ABU DHABI (Reuters) - Growth in the United Arab Emirates' non-oil private sector activity improved in October as output expanded more sharply, but demand grew at the slowest rate in 20 months, a survey showed on Tuesday.
The seasonally adjusted S&P Global UAE Purchasing Managers' Index rose to 54.1 in October from 53.8 in September, staying above the 50.0 mark denoting growth.
Following September's three-year low, the pace of growth in output grew to the highest since April, with the subindex surging to 61.3 in October versus September's 57.9 reading, attributed in part to higher sales and healthy pipelines.
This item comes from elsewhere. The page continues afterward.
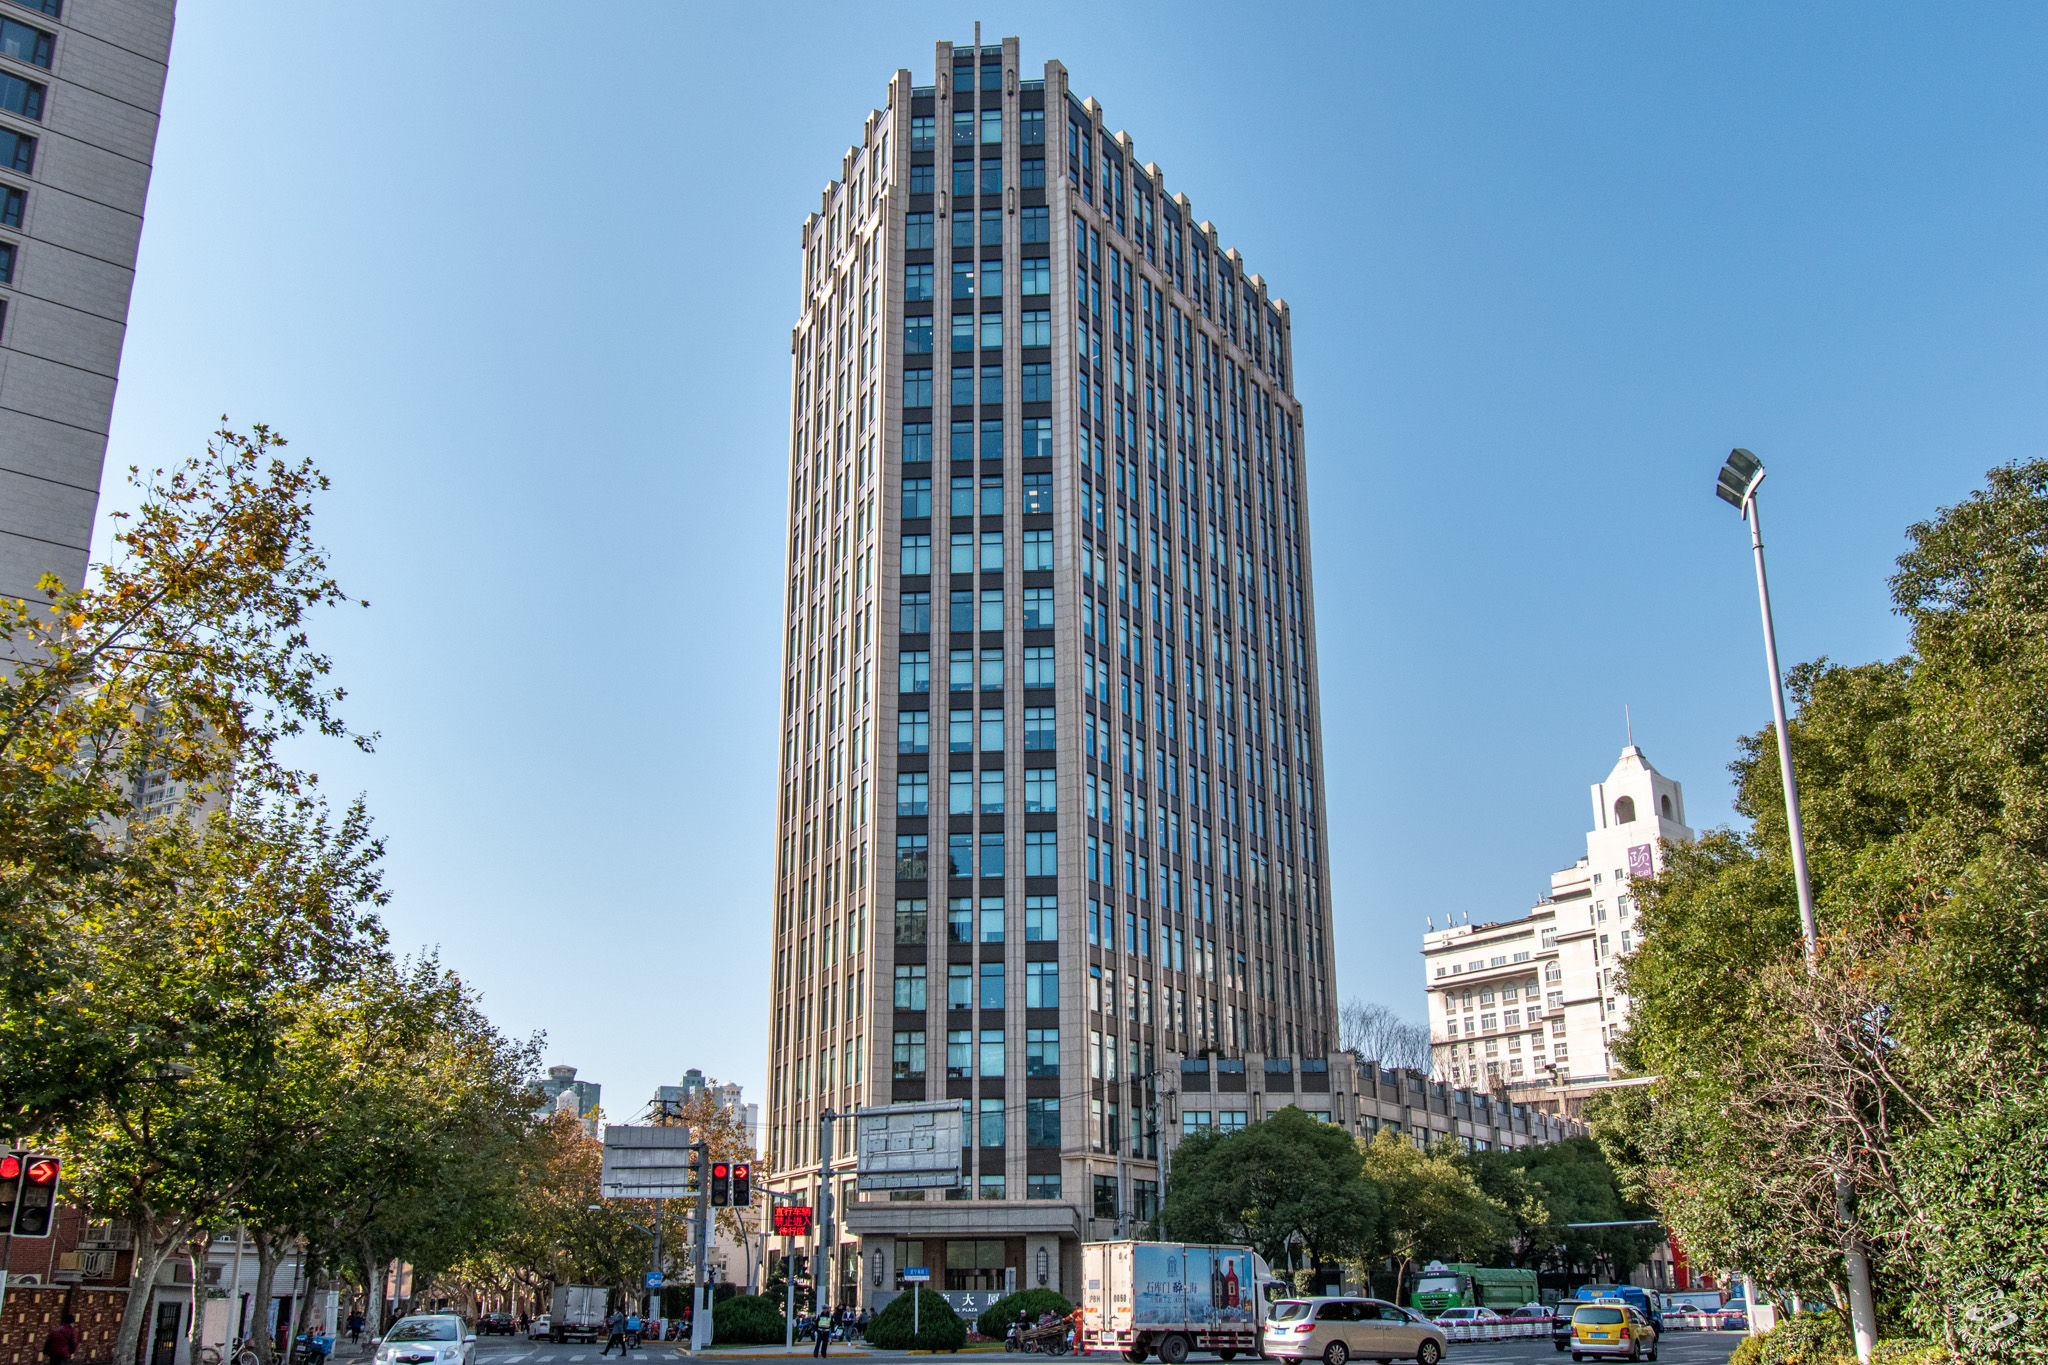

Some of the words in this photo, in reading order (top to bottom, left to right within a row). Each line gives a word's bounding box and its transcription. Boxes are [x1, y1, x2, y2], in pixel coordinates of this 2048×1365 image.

[775, 1207, 811, 1216] 直行车辆
[775, 1216, 812, 1226] 禁止进入
[778, 1227, 806, 1236] 待行区
However, the pace of growth in new orders continued to soften, slipping to 55.9 in October from 56.7 in September, hitting the lowest level since February 2023, although better international demand supported new sales.
"A softening of new business growth in October added to signs that the non-oil economy is losing strength after a robust growth period in late-2023/early-2024," David Owen, senior economist at S&P Global Market Intelligence, said.
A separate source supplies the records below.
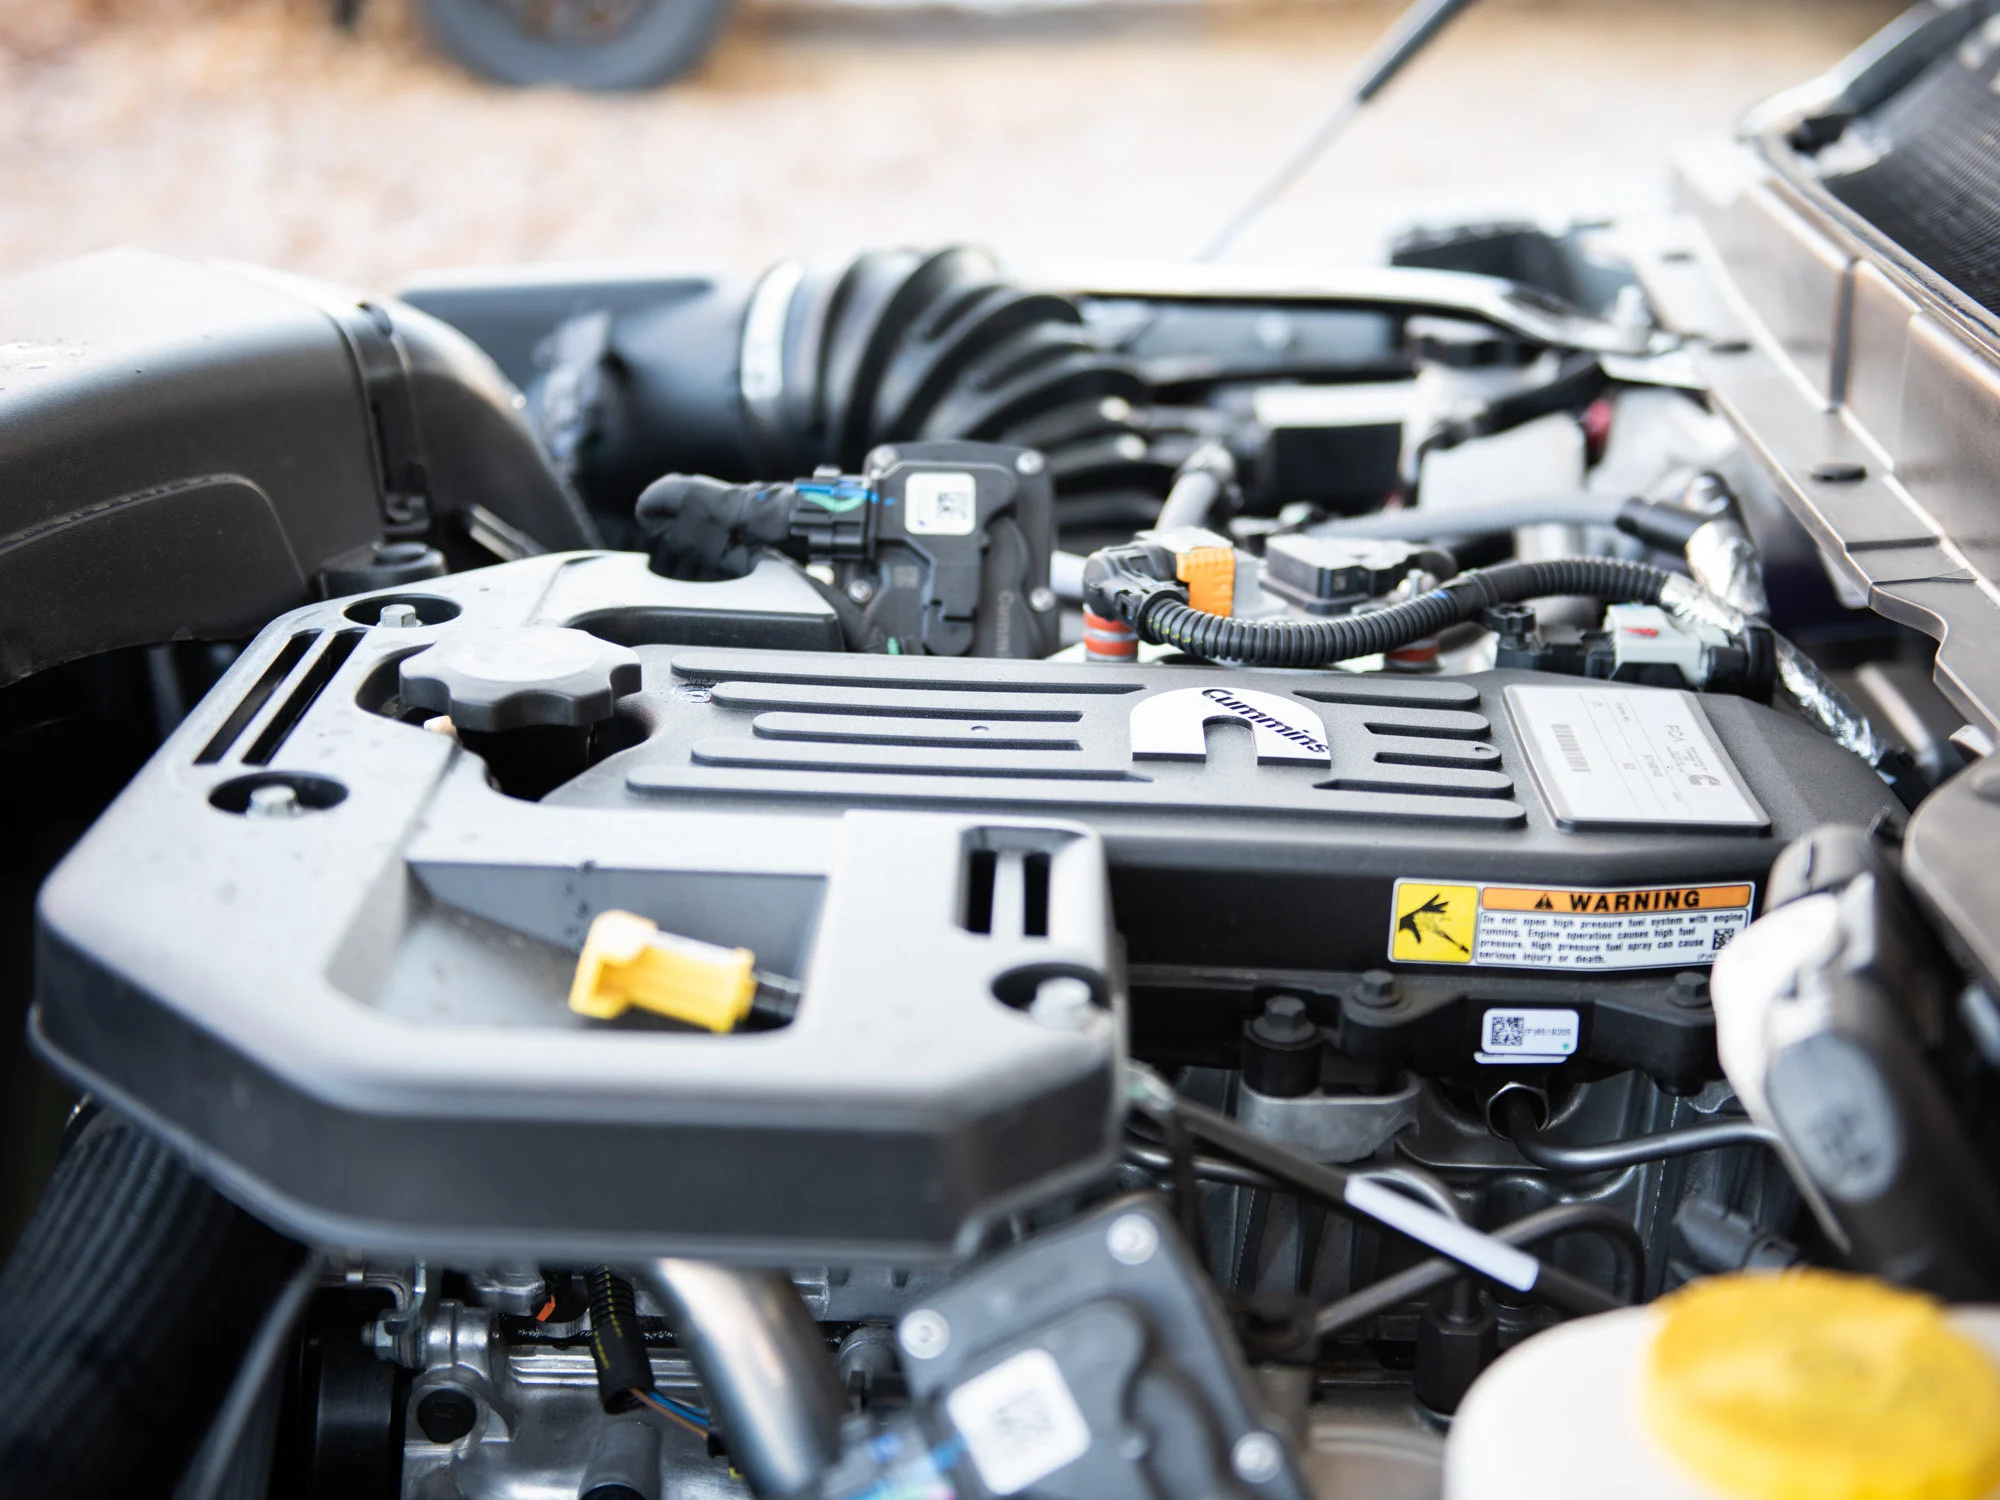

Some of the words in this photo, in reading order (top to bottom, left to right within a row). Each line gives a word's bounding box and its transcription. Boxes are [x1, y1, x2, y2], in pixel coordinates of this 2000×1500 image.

[1201, 688, 1329, 753] Cummins
[1569, 890, 1700, 912] WARNING
[1483, 915, 1495, 923] Do
[1502, 917, 1517, 925] not
[1523, 919, 1547, 928] open
[1553, 919, 1575, 928] high
[1581, 920, 1622, 929] pressure
[1628, 919, 1646, 928] fuel
[1651, 917, 1683, 927] system
[1688, 915, 1708, 924] with
[1713, 913, 1743, 923] engine
[1528, 929, 1560, 939] Engine
[1566, 931, 1612, 941] operation
[1617, 931, 1649, 940] causes
[1655, 928, 1674, 939] high
[1678, 927, 1696, 937] fuel
[1531, 941, 1552, 951] High
[1558, 943, 1600, 952] pressure
[1606, 943, 1623, 952] fuel
[1628, 942, 1652, 952] spray
[1657, 941, 1674, 949] can
[1678, 939, 1705, 948] cause
[1479, 951, 1516, 960] serious
[1523, 953, 1552, 964] injury
[1558, 955, 1569, 963] or
Respondents indicated that market crowding was "eating into sales and hitting job creation which slipped to a 30-month low," Owen said, adding that a long pipeline of work backlogs and ongoing contracts could still support future output.
In Dubai, the country's commercial and tourism hub, non-oil activity growth slowed during October, with its headline PMI dipping to 53.2 from September's 54.1 reading, in contrast to an overall pickup in growth in the UAE.
Business confidence about the outlook over the next 12 months improved for the UAE as a whole in October from September's 18-month low, the survey showed.